Peter Holmes wrote: ↑Wed Oct 03, 2018 1:07 pm
1 We agree that any use of signs is contextual, so your bank homonym example is fatuous.
2 We agree that any use of signs is conventional, so your transmitter-receiver point is trivial.
Good! So we agree that the very use of the signs 'objective' and 'morality' is also contextual AND conventional? How do we agree on the
CONTEXT AND CONVENTION for interpreting these very words?
Peter Holmes wrote: ↑Wed Oct 03, 2018 1:07 pm
3 I thought you despise the rule (not law) of identity. Changed your mind?
4 What is the rule of identity about if it isn't the conventional use of signs? (We agree it has nothing to do with reality.)
Well precisely!
WHOSE convention/context? Yours or mine?
As I am pointing out to you that there at least two conventions for the very notion of '
objectivity' on the table. Rather ironic. Isn't it? It is decidedly obvious that the 'rule' of identity is broken. Without resorting to a bandwagon fallacy could you tell me which one is the 'correct'
USE of the word 'objective'?
How do you decide ‘correctness’ without making a value-jusgment?!? It is a circular problem! How do you propose we get around it?
The law of identity only holds IF
objective meaning is true. That is IF and only IF there is a 1:1 relationship between all signifiers and signifieds. That is -
ALL AMBIGUITY BREAKS the 'law' of identity. And you can't avoid ambiguity without having a
SINGLE UNIVERSAL context and
RULES FOR INTERPRETATION!
And so - I reject the CONTEXT in which you use the word 'objective'. And I gave you mine - which includes the temporal dimension. Do you accept or reject my use of the word 'objective'?
Peter Holmes wrote: ↑Wed Oct 03, 2018 1:07 pm
5 As I thought was clear - I reject metaethical theory for the metaphysical nonsense it actually is. So I'm neither a deontologist nor a consequentialist.
That is even worse! Because you then don't even have a reference frame from which you are making any claims OR assertions about reality other than your own, but you are a prisoner of time!
Are you asserting that murder
WAS wrong or that murder
WILL be wrong? Or that murder
IS wrong? Because you can't even define never mind interpret
murder without a
TIME CONTEXT! Try and define 'intent' without a notion of time! Try and define
ANY VERB in English without the notion of time! Being, living, dying, killing are all temporal phenomena!
See what happens when you leave out
time from the 'metaphysical nonsense'? The world stops!
Peter Holmes wrote: ↑Wed Oct 03, 2018 1:07 pm
6 I'm puzzled by your consequentialism. By what contextual features of the universe do you judge the consequences of anything to be objectively morally good or bad?

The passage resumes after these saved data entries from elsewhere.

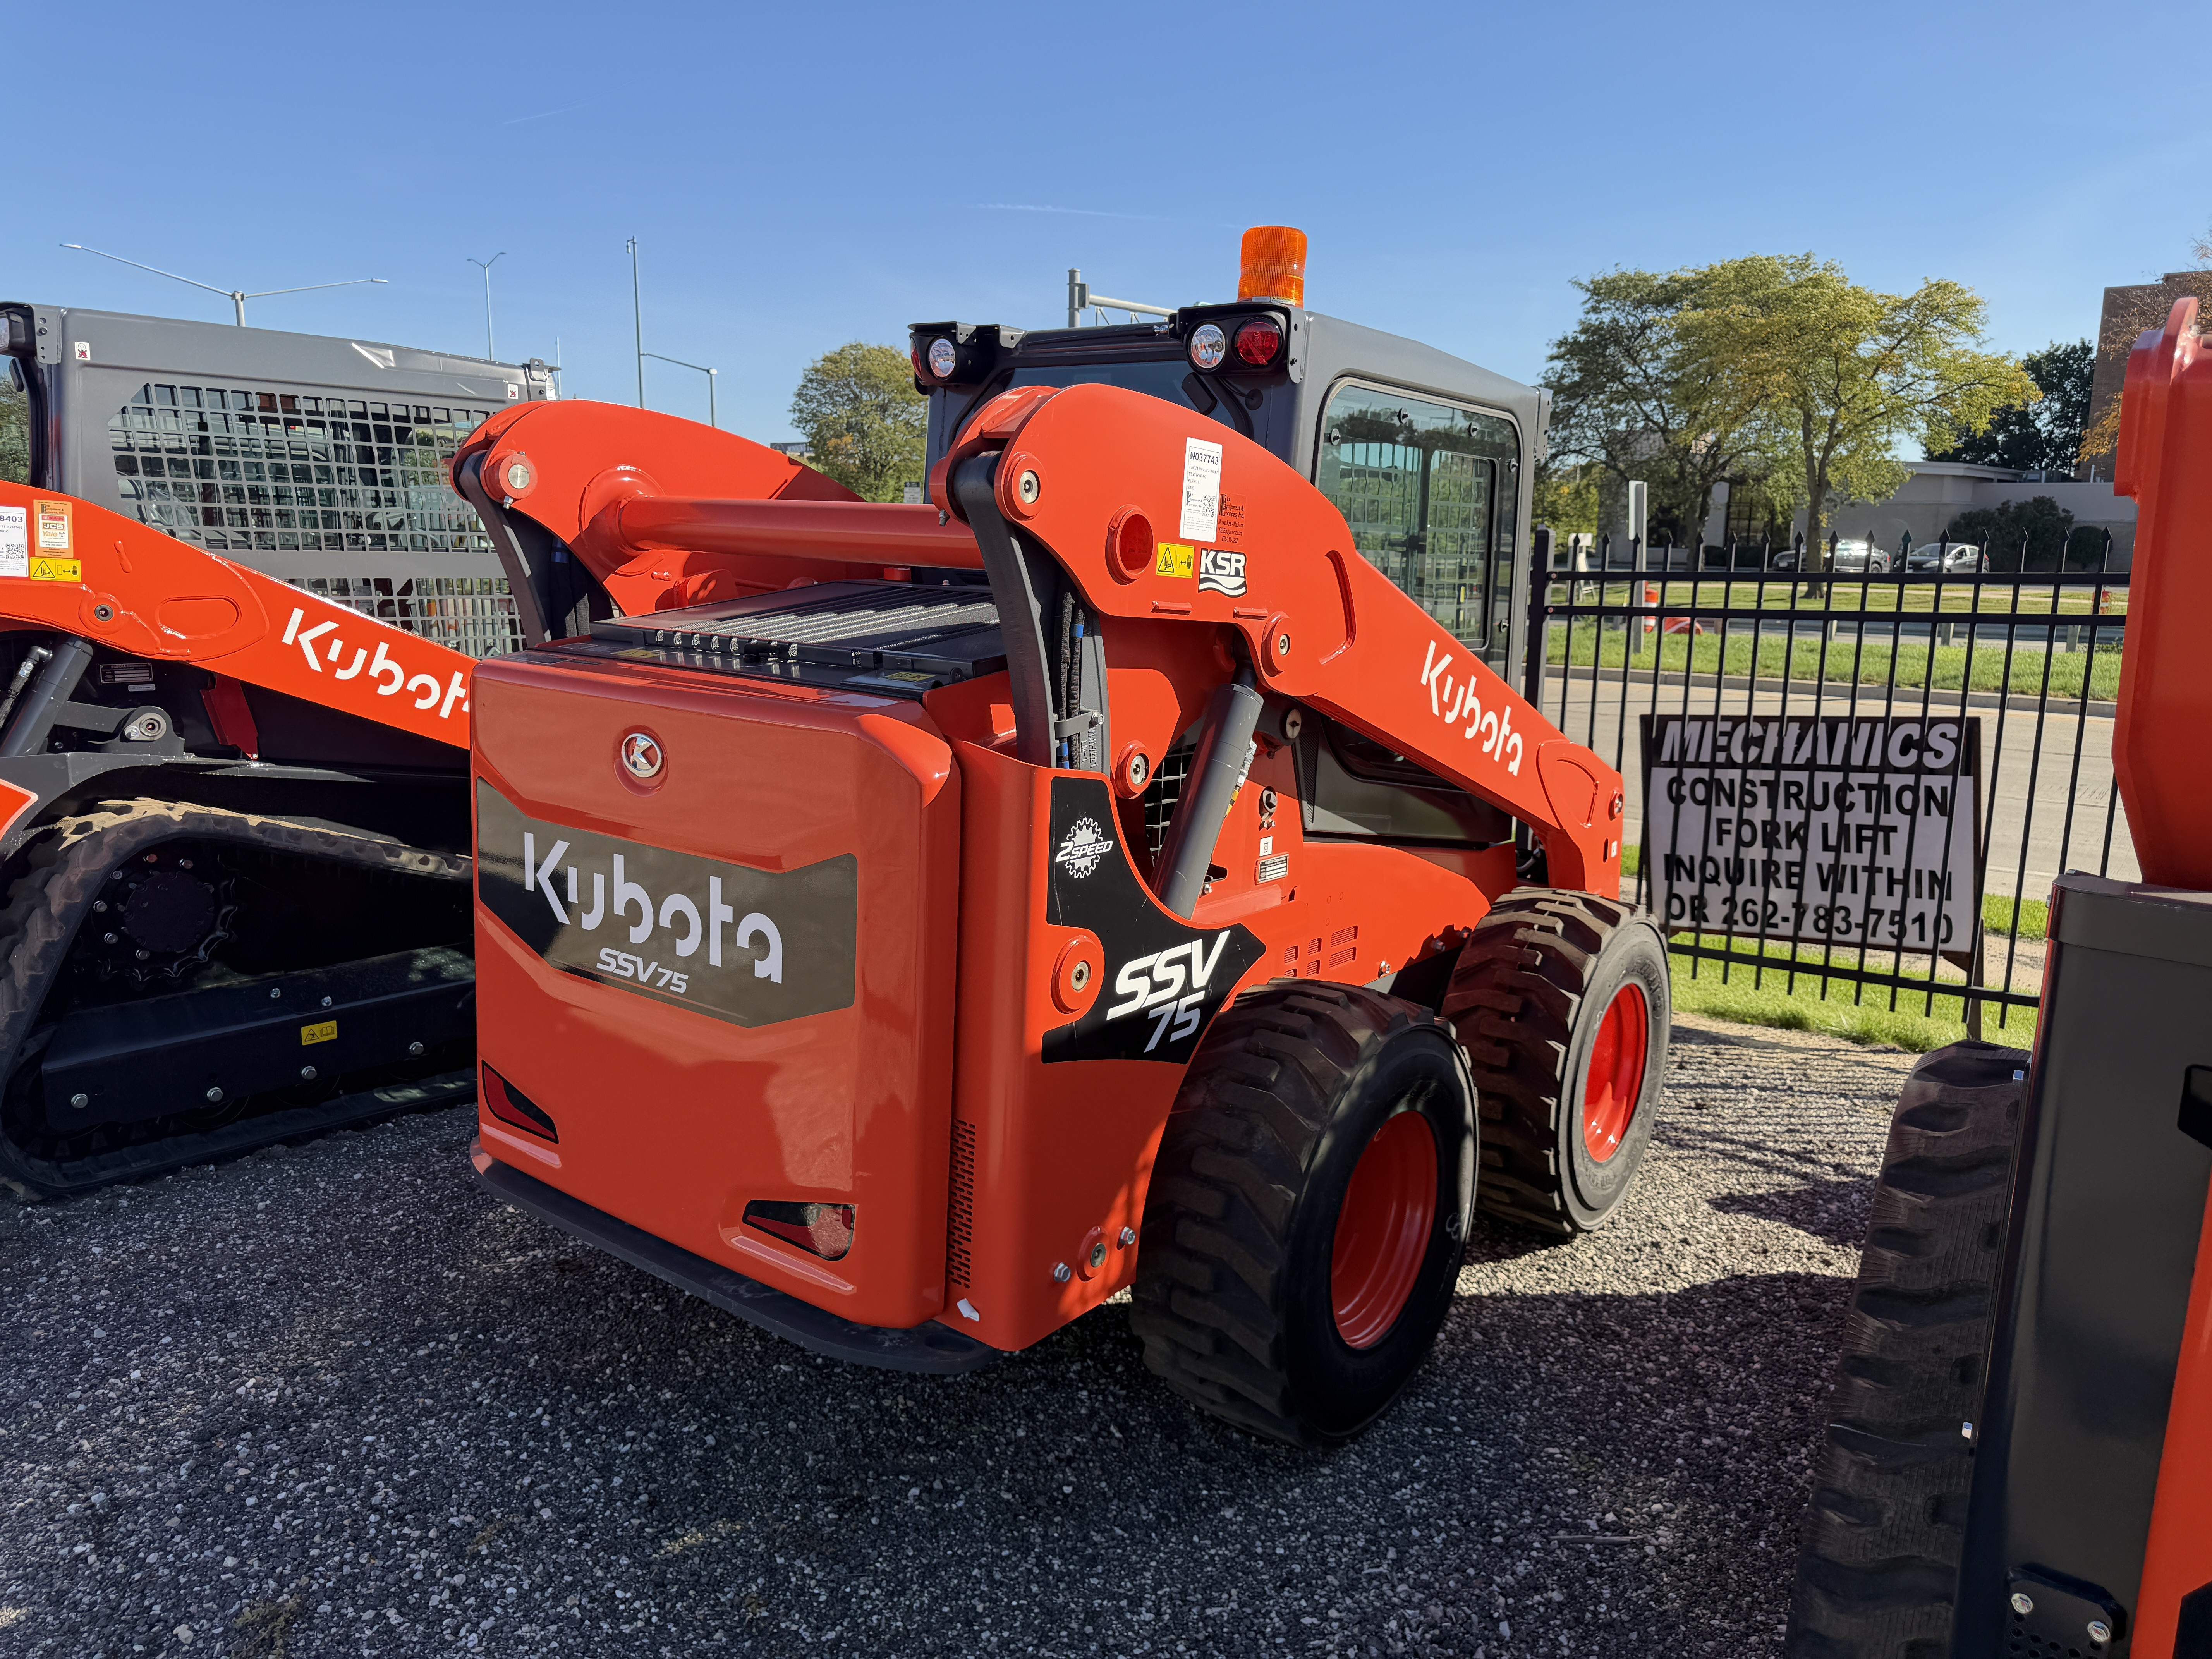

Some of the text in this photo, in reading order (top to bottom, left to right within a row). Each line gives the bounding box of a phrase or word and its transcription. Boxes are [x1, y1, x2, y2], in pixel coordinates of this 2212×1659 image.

[1190, 451, 1219, 465] N037743
[1200, 550, 1245, 577] KSR
[282, 607, 469, 719] Kubot
[1420, 639, 1523, 777] Kubota
[1660, 721, 1958, 769] MECHANICS
[1667, 776, 1948, 817] CONSTRUCTION
[1716, 817, 1898, 855] FORK LIFT
[1664, 854, 1952, 901] INQUIRE WITHIN
[524, 832, 783, 984] Kubota
[1665, 893, 1953, 944] OR 262-783-7510
[596, 947, 689, 993] SSV 75
[1106, 930, 1231, 1021] SSV
[1144, 990, 1206, 1053] 75

You are stuck in a reference frame which ignores the entire field of calculus and system dynamics, yet clings onto deductive logic!

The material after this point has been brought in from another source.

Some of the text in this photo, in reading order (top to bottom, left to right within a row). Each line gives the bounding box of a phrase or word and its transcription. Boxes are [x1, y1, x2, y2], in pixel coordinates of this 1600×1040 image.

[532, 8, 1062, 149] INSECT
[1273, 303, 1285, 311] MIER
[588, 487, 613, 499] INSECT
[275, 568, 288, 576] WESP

The arrow of time is currently going only
one way! And so whether you accept it or reject it - is rather immaterial. The flow of time is continuous. Time is
NOT discrete. There is no cause-and-effect, no beginning or an end without an observer drawing a line - drawing a DISTINCTION! There is just constant change! And so in that reference frame I only know how to draw one distinction: Past vs Future.
In that
OBJECTIVE FRAMEWORK you and I need to agree on the meaning of 'morality':
Is it an a posteriori assertion about a
PAST event? e.g judgment
Or an a priori proposition about a
FUTURE event? e.g desire
Unless you exist "outside of time"(e.g you invent an ‘objective observer’ a.k.a God) then "neither' is NOT on the menu! All assertions about reality happen in a bounded time-window (beginning and an end!) so you are either a deontologist or a consequentialist. “Neither” puts your reference frame “outside” of time and automatically makes you a theist!
I believe the above is an exhaustive taxonomy e.g it is
NOT a false dichotomy. Please correct me if I am wrong.
The is-ought gap is forced upon you by time itself! Whether you like it or not. NOT by the laws of logic - those are made up!